— Par Danielle LAPORT
Docteure en Sociologie – Sociologue du travail
Enseignante-chercheure associée à l’Université Paris-Est-Créteil
Co-rédactrice du Rapport sur la chaîne pétrolière en Martinique (ARACT 2009) —
Les années passent et se ressemblent pour la filière carburant dans les DOM. Une situation de crise permanente caractérise ce secteur d’activité. La crise de 2009 qui avait pour revendication la baisse de la vie chère a débuté avec la question du carburant. De nombreux rapports tentent de lire la réalité de ce secteur d’activité singulier. Singularité qui se situe à deux niveaux : la présence des compagnies pétrolières à chaque maillon de la filière et l’encadrement par l’administration de ce secteur d’activité qui en fait un « secteur de prix administré » du fait de situation monopolistique à l’importation, au raffinage et au stockage.
Deux logiques contraires coexistent, une logique habitée par le tout profit et une logique portée par l’intérêt général, pour la gestion et la distribution d’une ressource indispensable au fonctionnement d’un micro-territoire insulaire. Si les décrets se ressemblent quelque peu, le décret LUREL, qui tente de porter réponse à la baisse des prix à la pompe, introduit une variante de taille permettant un contrôle plus affirmé pour un calcul au plus juste des marges afin d’éviter d’importants profits privés.
Cette volonté très claire d’un contrôle plus strict et d’une plus grande transparence, notamment à travers l’article 12 du décret, inquiète les compagnies pétrolières. Cette inquiétude, âprement relayée par les gérants des stations-services, interpelle. L’analyse de leur posture vis-à-vis du décret LUREL ne doit pas se faire au premier degré. Car ces gérants constituent un des maillons symptomatiques d’une filière dont la structuration doit être repensée.
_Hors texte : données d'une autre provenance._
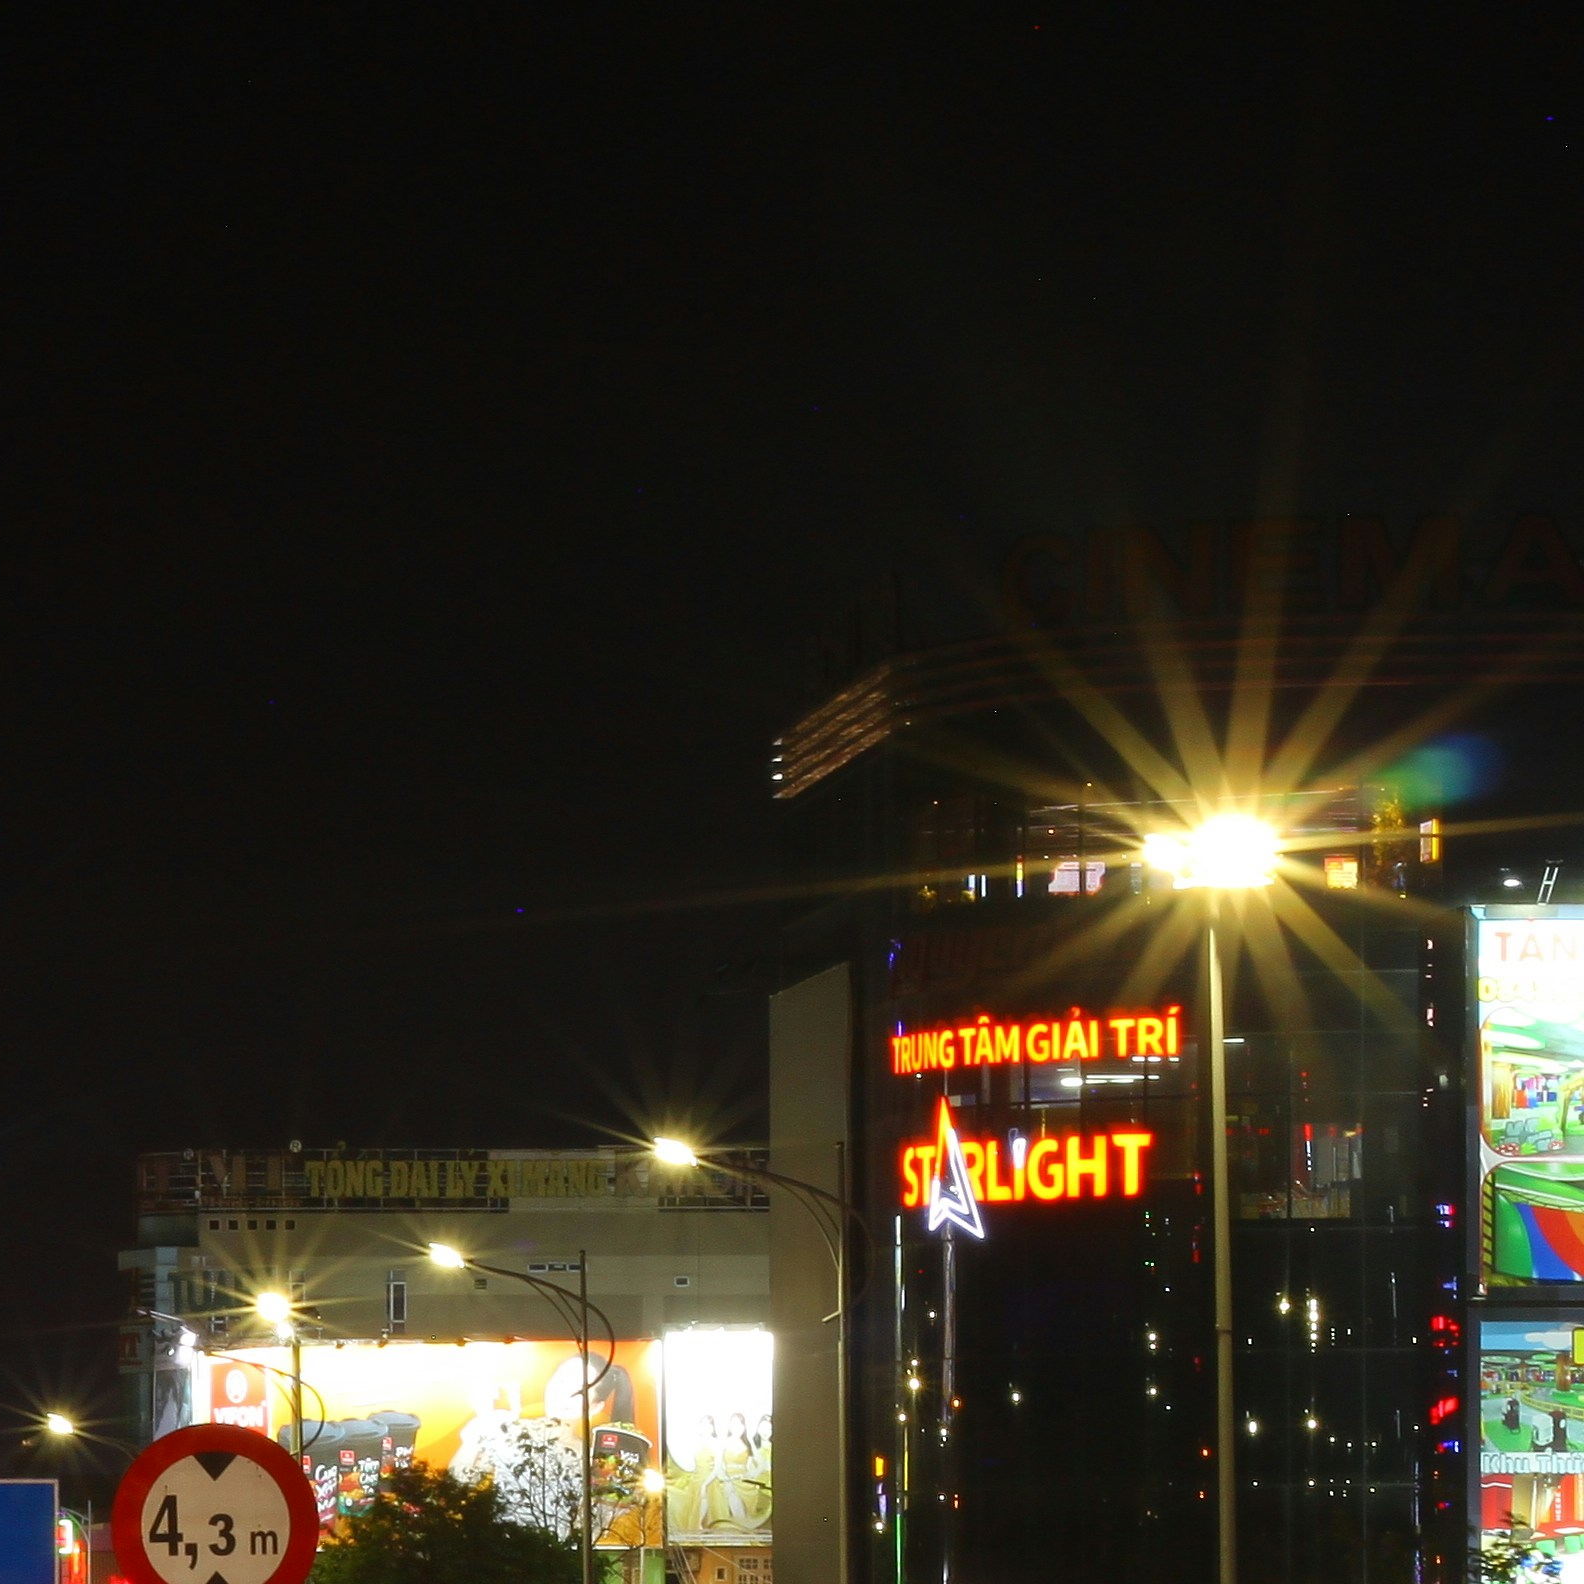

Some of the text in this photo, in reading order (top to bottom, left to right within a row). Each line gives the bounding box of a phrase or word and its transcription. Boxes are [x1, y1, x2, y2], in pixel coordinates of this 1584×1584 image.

[893, 1005, 1181, 1075] TRUNG TÂM GIẢI TRÍ
[487, 1159, 517, 1198] XI
[213, 1404, 266, 1428] VIFON
[1482, 1453, 1530, 1475] Khu
[149, 1494, 279, 1571] 4,3 m
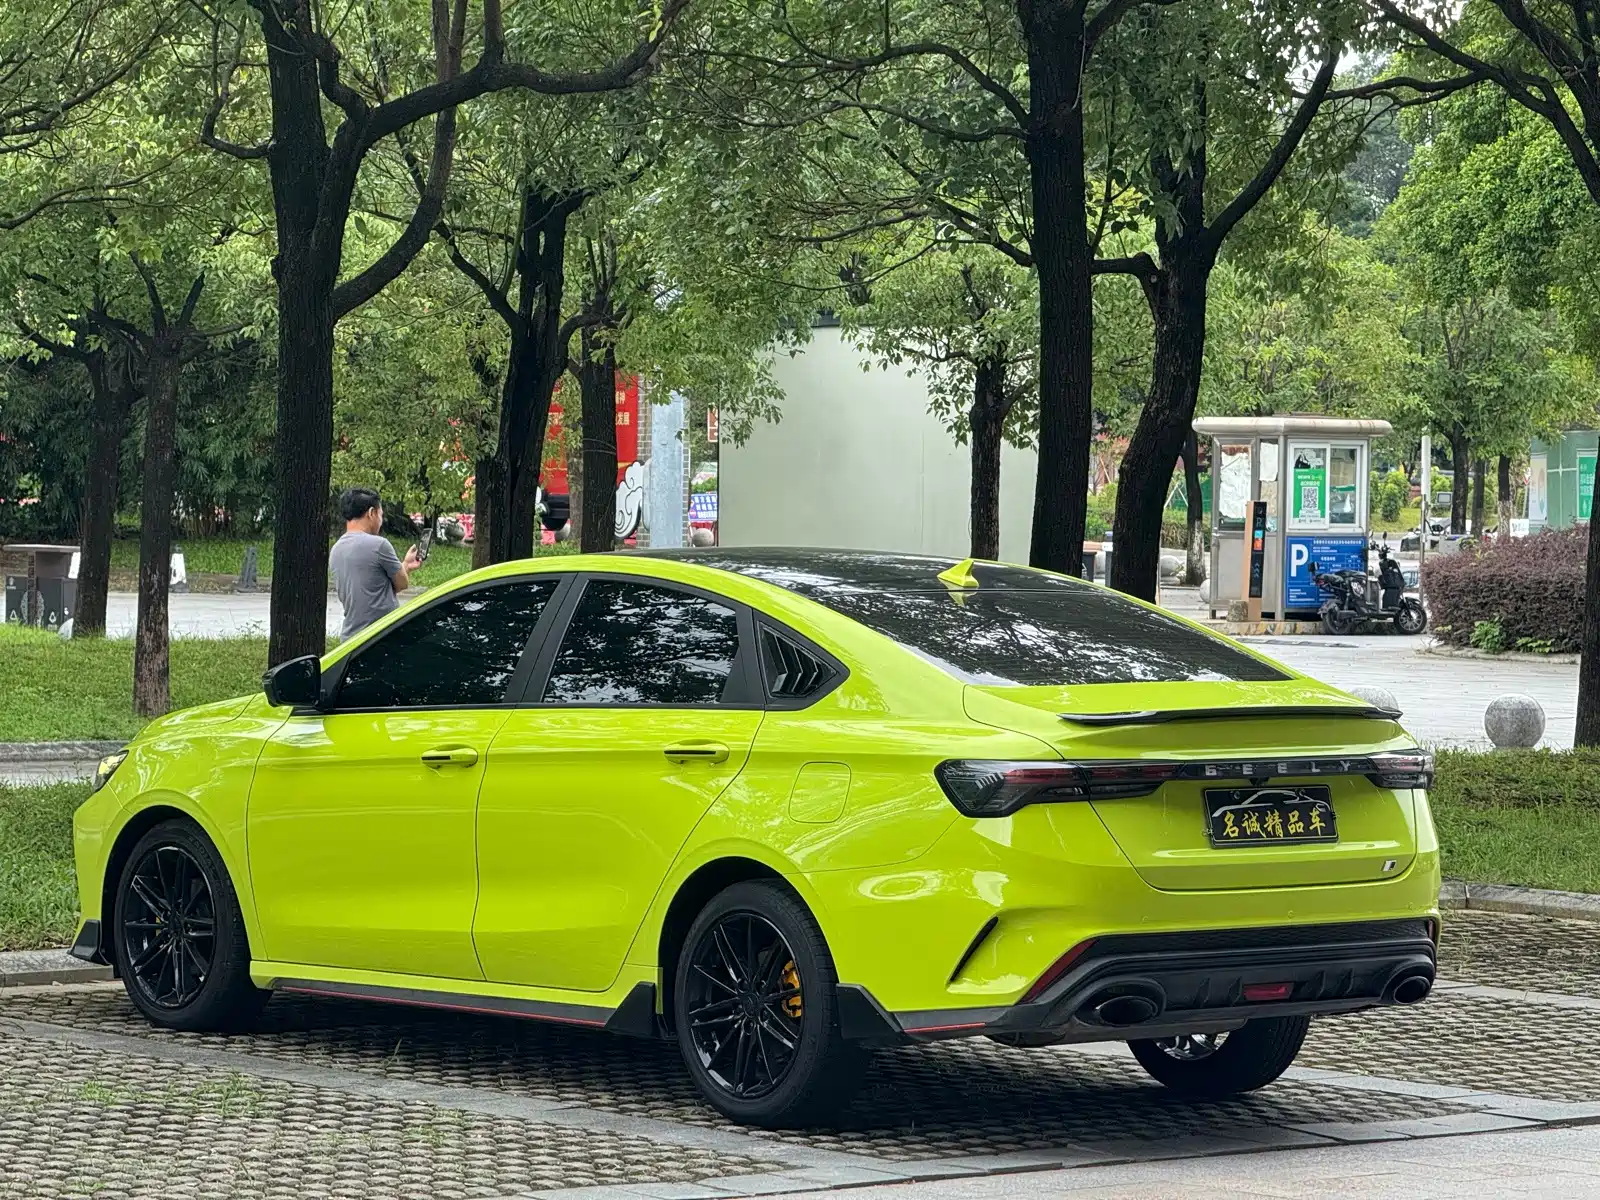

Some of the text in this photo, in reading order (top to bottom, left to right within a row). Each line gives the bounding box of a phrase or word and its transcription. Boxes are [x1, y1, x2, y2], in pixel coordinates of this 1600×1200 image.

[615, 411, 630, 426] 发展
[1290, 544, 1309, 577] P
[1205, 760, 1351, 776] GEELY
[1223, 808, 1326, 838] 名诚精品车
Chaque fois qu’il est question d’agir sur la baisse du coût du carburant, deux maillons de la chaîne sont visés : les stations-services et la SARA (Société Anonyme de Raffinage des Antilles) ; deux maillons pourvoyeurs d’emplois sur les territoires. Le décret LUREL ne remet pas en question l’existence de ces deux maillons. Mais de manière indirecte ces deux maillons (particulièrement les stations-services) connaîtront des lendemains amers car le décret n’est pas allé assez loin pour les protéger de la volonté des compagnies pétrolières de préserver leurs bénéfices.
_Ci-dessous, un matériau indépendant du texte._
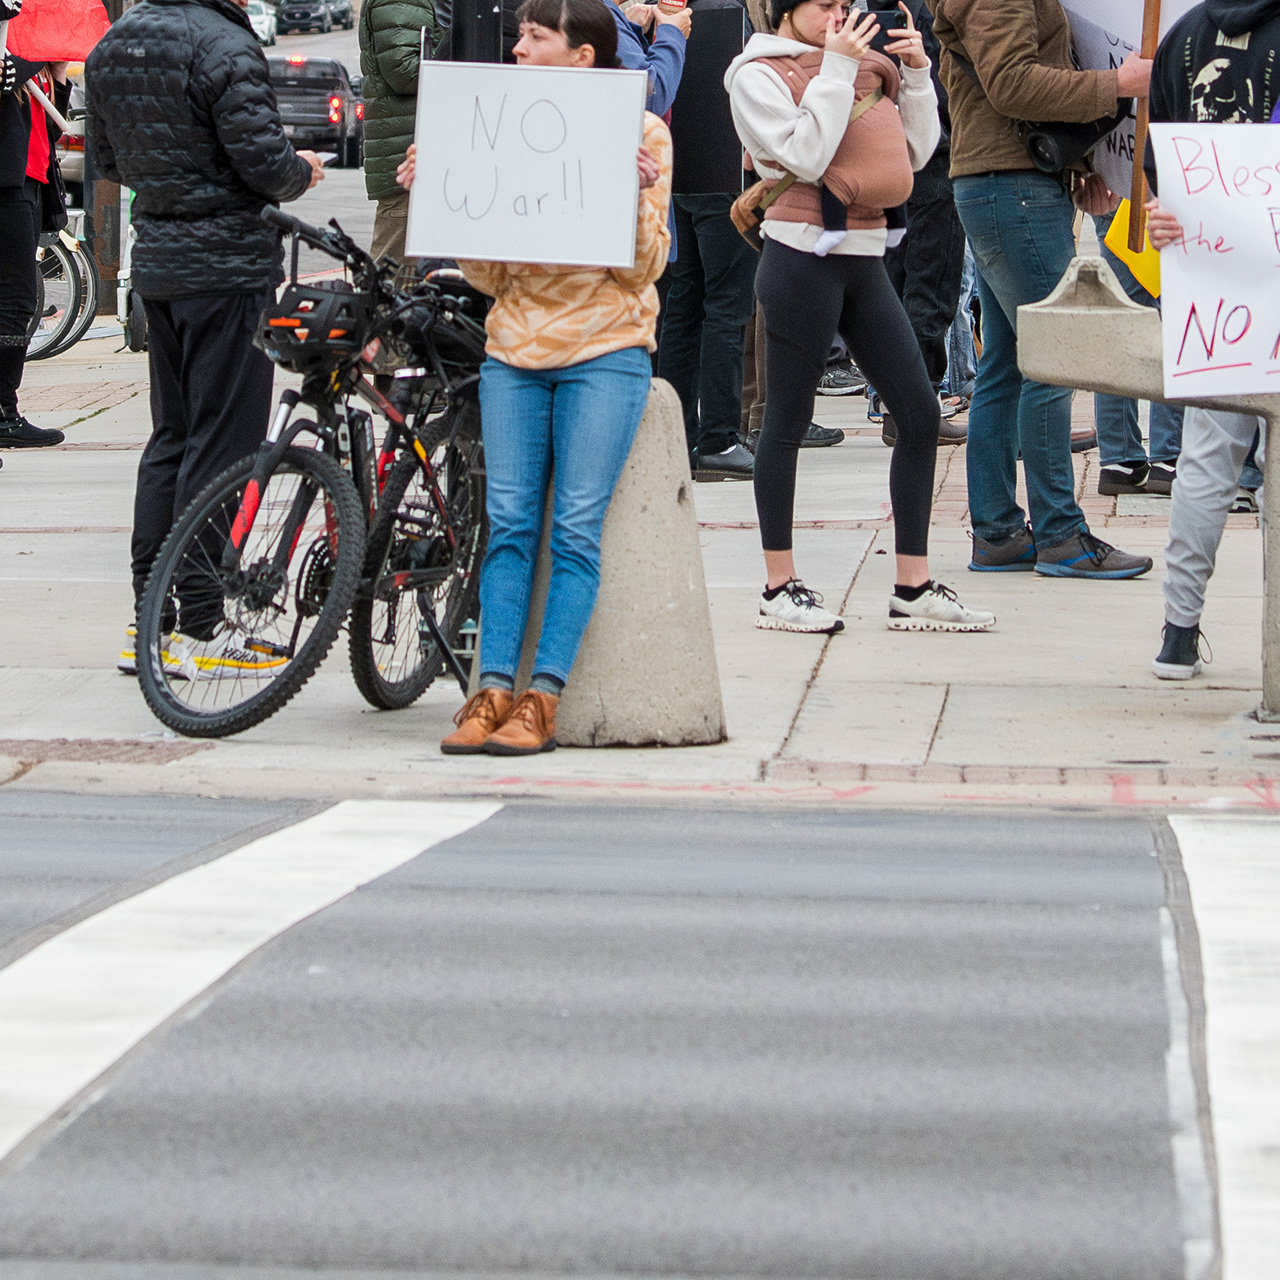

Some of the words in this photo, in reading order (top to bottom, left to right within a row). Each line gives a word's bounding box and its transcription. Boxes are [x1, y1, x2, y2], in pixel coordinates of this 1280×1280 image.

[471, 92, 567, 154] NO
[1263, 89, 1272, 123] WICKE
[443, 158, 584, 221] War!!
[1175, 220, 1234, 255] the
[1176, 297, 1252, 366] NO
En effet, la suppression de la SARA comme unité de production et la modification de l’organisation des stations services feraient le jeu des compagnies pétrolières qui continueront à exploiter ce segment d’activité en gagnant davantage puisque des intermédiaires auront été éliminés. Une fois de plus, l’emploi constituerait la variable d’ajustement dans un secteur pourtant ultra rentable. Le rapport Bolliet en 2009, faisait ressortir que la suppression de la SARA ferait gagner 1,6 centimes d’euro à la pompe pour les clients. Par ailleurs, le coût des emplois des stations-services représente pour la Martinique 4 centimes d’euro par litre. Le gain de ces quelques centimes à la pompe pour les clients, peut-il expliquer l’appauvrissement du tissu économique et social des territoires ? En Martinique par exemple, chaque automobiliste en faisant un plein d’essence de 65 litres contribue pour environ 4 euros au maintien de 1000 emplois dans les stations services et 300 emplois à la SARA sans compter les emplois induits.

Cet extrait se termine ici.